Freshwater crayfish fossils provide evolutionary link with time of dinosaurs 

 
 
CDU PhD student Mark Schultz (left) and Head of CDU's School of Environmental and Life Sciences Prof Chris Austin are part of a ground-breaking international study into crayfish

Crayfish (yabby) body fossils and burrows discovered at Dinosaur Cove in the Otway Ranges, Victoria, have provided the first physical evidence that crayfish existed on the Australian continent as far back as the time of the dinosaurs (Mesozoic Era), according to a recent international study.

Anthony Martin, senior lecturer in environmental studies at Emory University in Atlanta, headed up the study that included team members Professor Chris Austin (Charles Darwin University’s Head of School - Environmental and Life Sciences), and CDU PhD student Mr Mark Schultz. The team also included Australian scientists Thomas Rich and Gary Poore, of the Museum of Victoria, and Lesley Kool and Patricia Vickers-Rich, of Monash University. The fossil crayfish study was recently published online in the earth science journal, Gondwana Research.

Thomas Huxley, a well-known colleague of Charles Darwin, was the first scientist to ponder how crayfish, which cannot survive in saltwater, could have spread to so many continents.
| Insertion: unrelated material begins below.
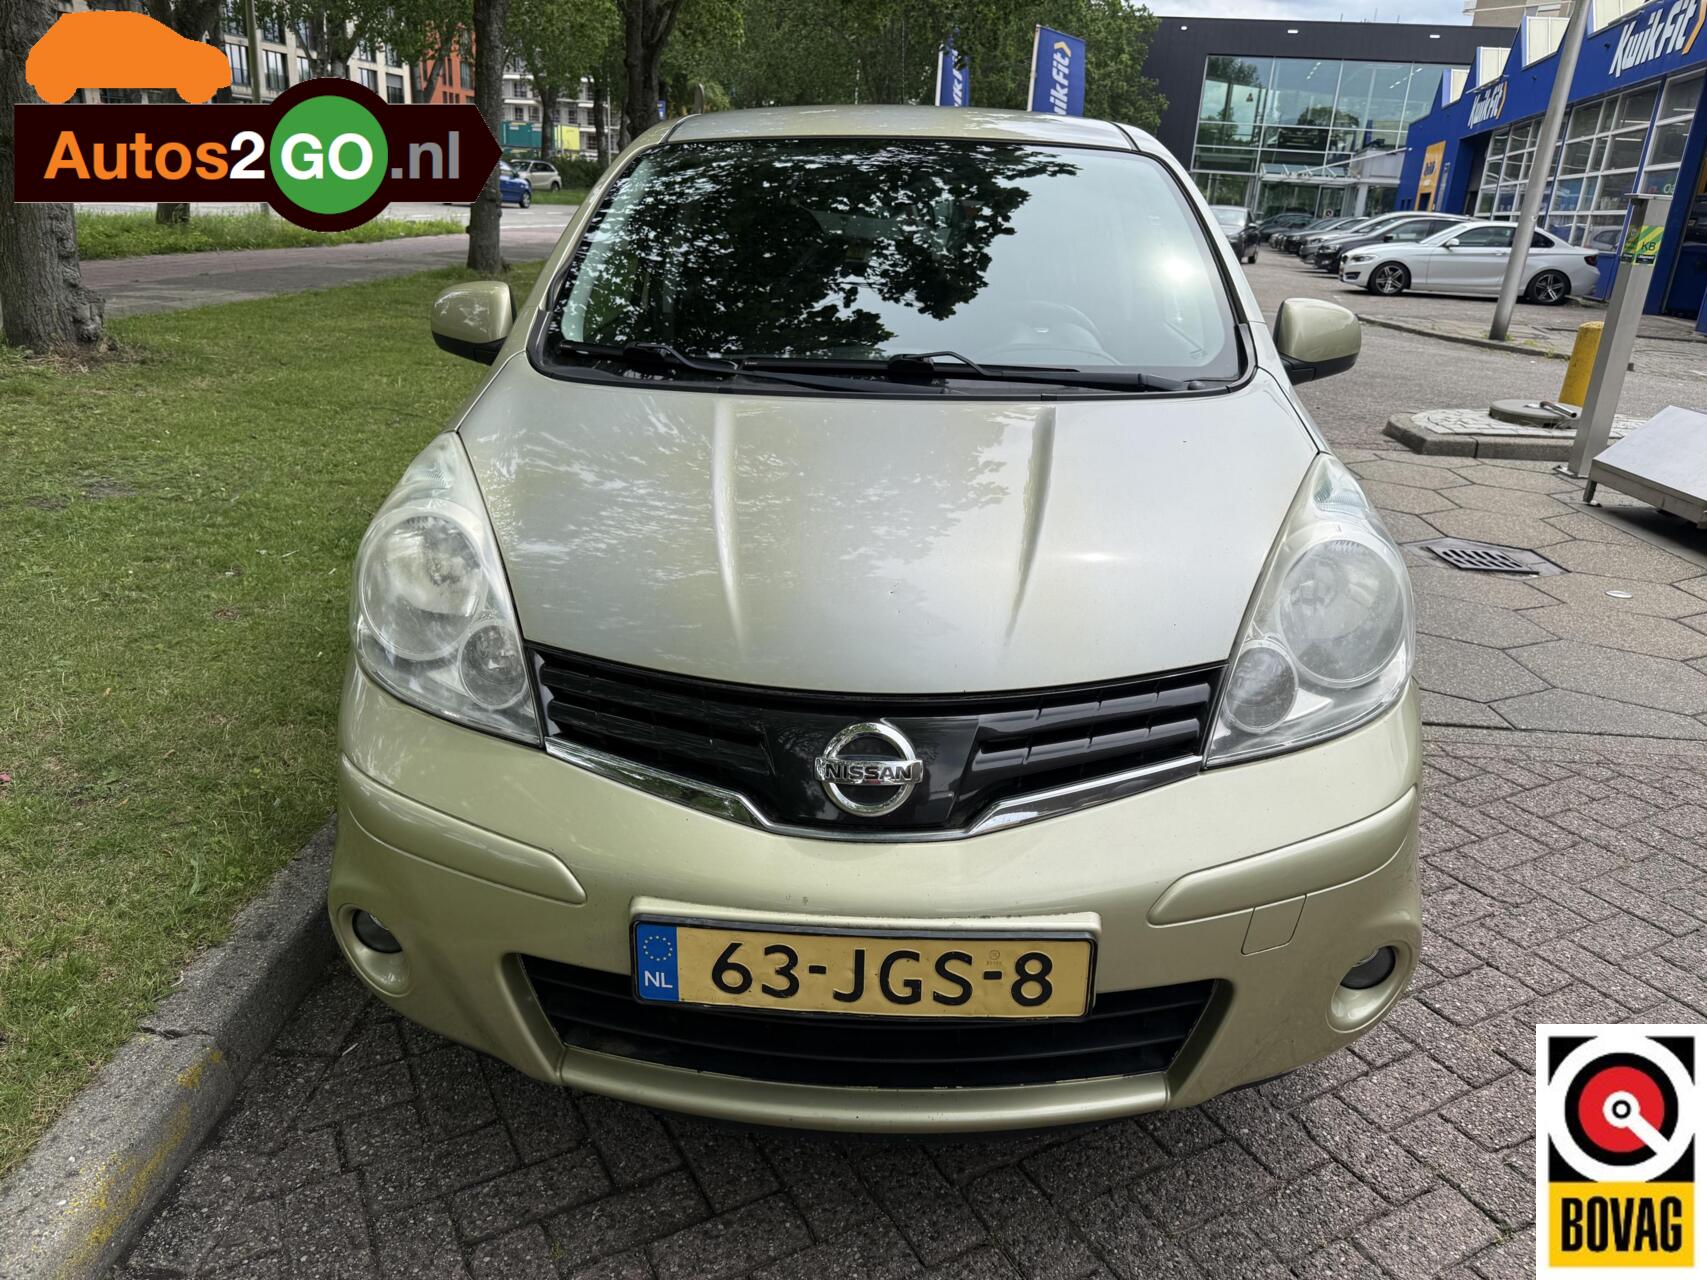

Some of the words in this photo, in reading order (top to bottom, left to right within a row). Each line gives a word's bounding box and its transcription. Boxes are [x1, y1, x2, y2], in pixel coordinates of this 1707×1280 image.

[1608, 0, 1697, 77] KwikFit
[825, 762, 913, 780] NISSAN
[643, 970, 673, 989] NL
[710, 942, 1053, 1006] 63-JGS-8
“Biologists have long been fascinated by freshwater crayfish due to their wide distribution and ability to adapt to extremely diverse environments,” Professor Austin said. Australia’s crayfish fauna is of global significance due to the large number of species, for a dry continent and their ecological and morphological diversity.

Dr Martin said: “Studying the fossil burrows provided an insight into the ecology of southern Australia about 115 million years ago when the continent was still attached to Antarctica (Gondwanaland). During that era, diverse plants grew in what is today Antarctica and dinosaurs roamed in prolonged polar darkness along southern Australian river plains. The period is of particular interest to scientists since it is believed to be the last time the earth experienced pronounced global warming.

"The evolution of Southern Hemisphere crayfish has challenged researchers since the 1870s," Dr Martin said. "Only now, 140 years later, are we starting to put together the physical evidence for this evolution through the discovery of fossils."
Professor Austin said he was delighted to be involved in traditional research that the University’s namesake would have appreciated.

The research dove-tailed with the findings of his and Mr Schultz’s ongoing research on the evolution of Australia’s yabby fauna using DNA sequencing.

“Fossils provide the hard evidence for evolution that is so often needed to put into context modern comparative data now commonly produced from molecular genetic laboratories,” Professor Austin said.